The problem: Apart from the pictures, every entry must be retyped exactly.

┌─ Source data

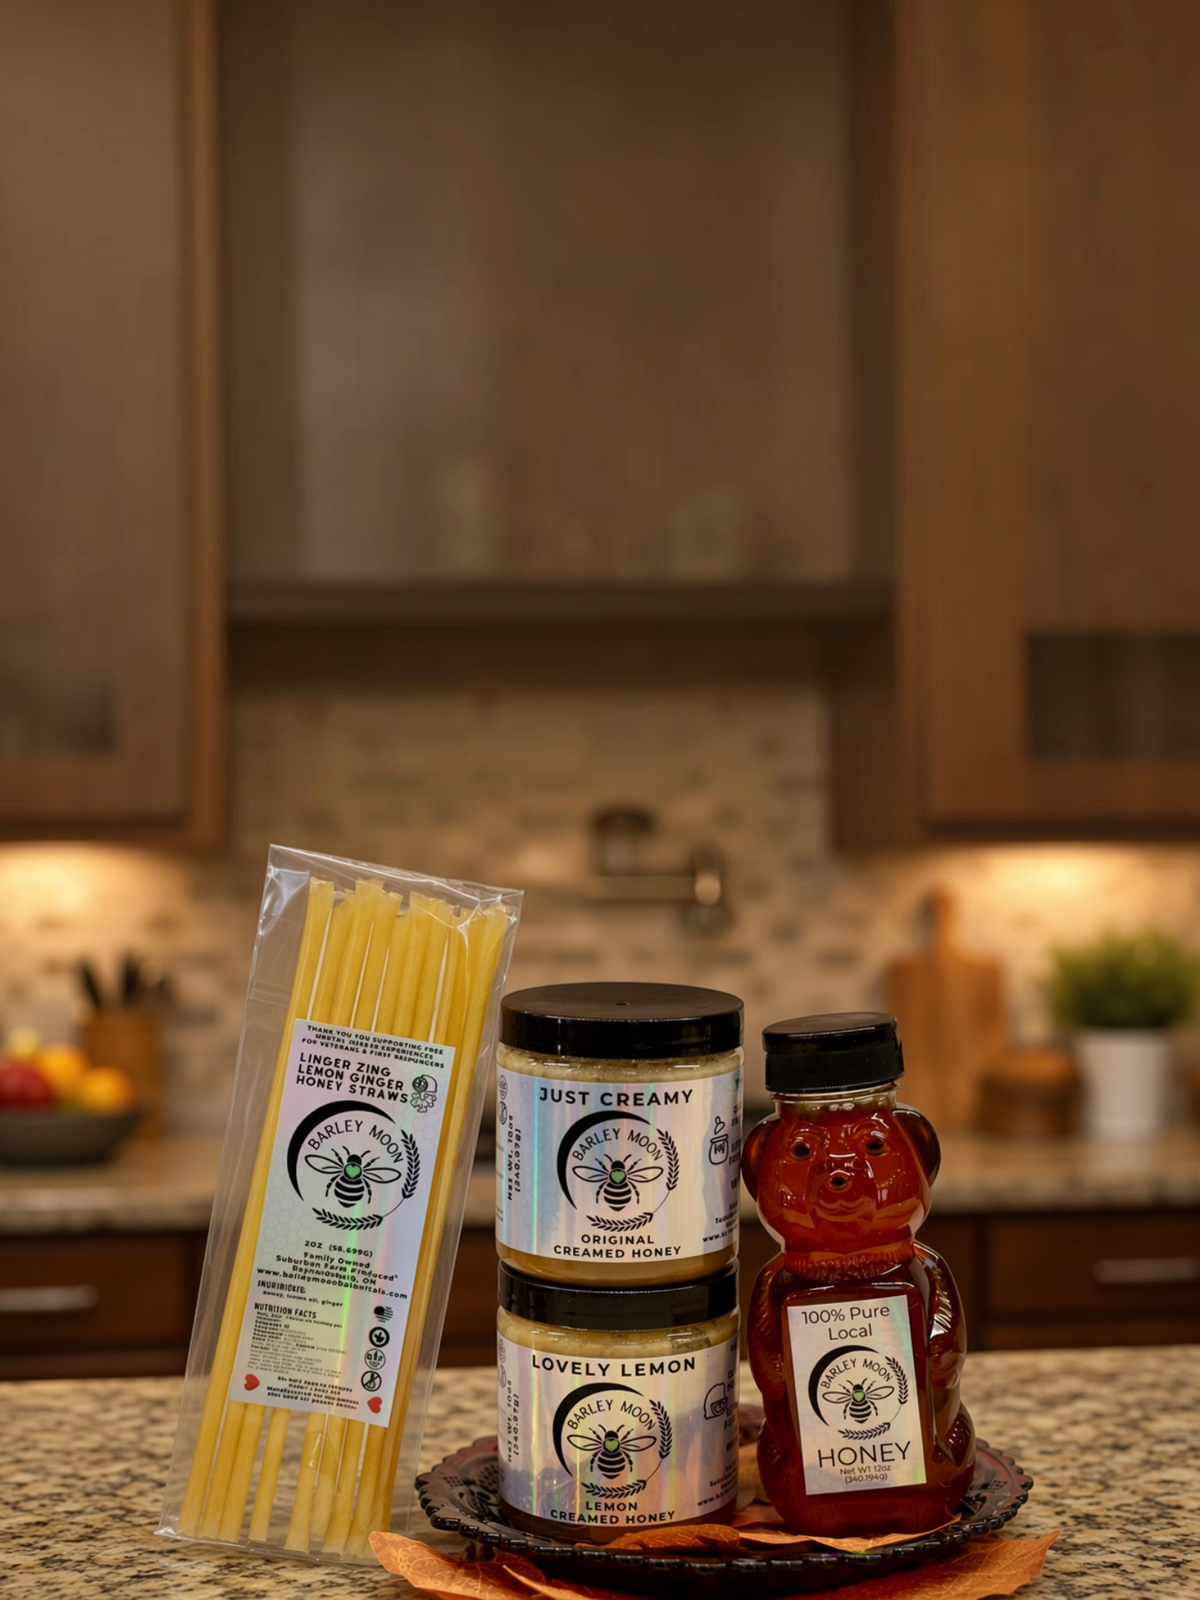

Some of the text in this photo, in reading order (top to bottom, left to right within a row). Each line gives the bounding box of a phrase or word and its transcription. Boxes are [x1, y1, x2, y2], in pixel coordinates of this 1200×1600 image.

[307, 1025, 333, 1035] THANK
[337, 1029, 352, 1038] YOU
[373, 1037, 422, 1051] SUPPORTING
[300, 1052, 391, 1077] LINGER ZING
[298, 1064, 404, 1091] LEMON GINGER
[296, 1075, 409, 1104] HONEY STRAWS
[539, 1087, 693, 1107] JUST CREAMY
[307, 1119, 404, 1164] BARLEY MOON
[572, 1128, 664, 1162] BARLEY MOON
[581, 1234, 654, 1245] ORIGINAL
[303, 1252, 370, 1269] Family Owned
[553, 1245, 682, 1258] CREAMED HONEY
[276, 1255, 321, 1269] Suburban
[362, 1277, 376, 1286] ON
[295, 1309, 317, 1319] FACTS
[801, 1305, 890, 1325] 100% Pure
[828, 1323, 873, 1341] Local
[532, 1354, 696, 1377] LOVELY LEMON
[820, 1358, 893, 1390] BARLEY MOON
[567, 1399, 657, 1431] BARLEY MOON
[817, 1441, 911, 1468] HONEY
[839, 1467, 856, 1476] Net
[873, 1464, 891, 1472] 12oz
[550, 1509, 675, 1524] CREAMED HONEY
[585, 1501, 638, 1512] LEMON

└─

Written solution:
Some of the text in this photo, in reading order (top to bottom, left to right within a row). Each line gives the bounding box of a phrase or word and its transcription. Boxes are [x1, y1, x2, y2], in pixel coordinates of this 1200×1600 image.

[307, 1025, 333, 1035] THANK
[337, 1029, 352, 1038] YOU
[373, 1037, 422, 1051] SUPPORTING
[300, 1052, 391, 1077] LINGER ZING
[298, 1064, 404, 1091] LEMON GINGER
[296, 1075, 409, 1104] HONEY STRAWS
[539, 1087, 693, 1107] JUST CREAMY
[307, 1119, 404, 1164] BARLEY MOON
[572, 1128, 664, 1162] BARLEY MOON
[581, 1234, 654, 1245] ORIGINAL
[303, 1252, 370, 1269] Family Owned
[553, 1245, 682, 1258] CREAMED HONEY
[276, 1255, 321, 1269] Suburban
[362, 1277, 376, 1286] ON
[295, 1309, 317, 1319] FACTS
[801, 1305, 890, 1325] 100% Pure
[828, 1323, 873, 1341] Local
[532, 1354, 696, 1377] LOVELY LEMON
[820, 1358, 893, 1390] BARLEY MOON
[567, 1399, 657, 1431] BARLEY MOON
[817, 1441, 911, 1468] HONEY
[839, 1467, 856, 1476] Net
[873, 1464, 891, 1472] 12oz
[550, 1509, 675, 1524] CREAMED HONEY
[585, 1501, 638, 1512] LEMON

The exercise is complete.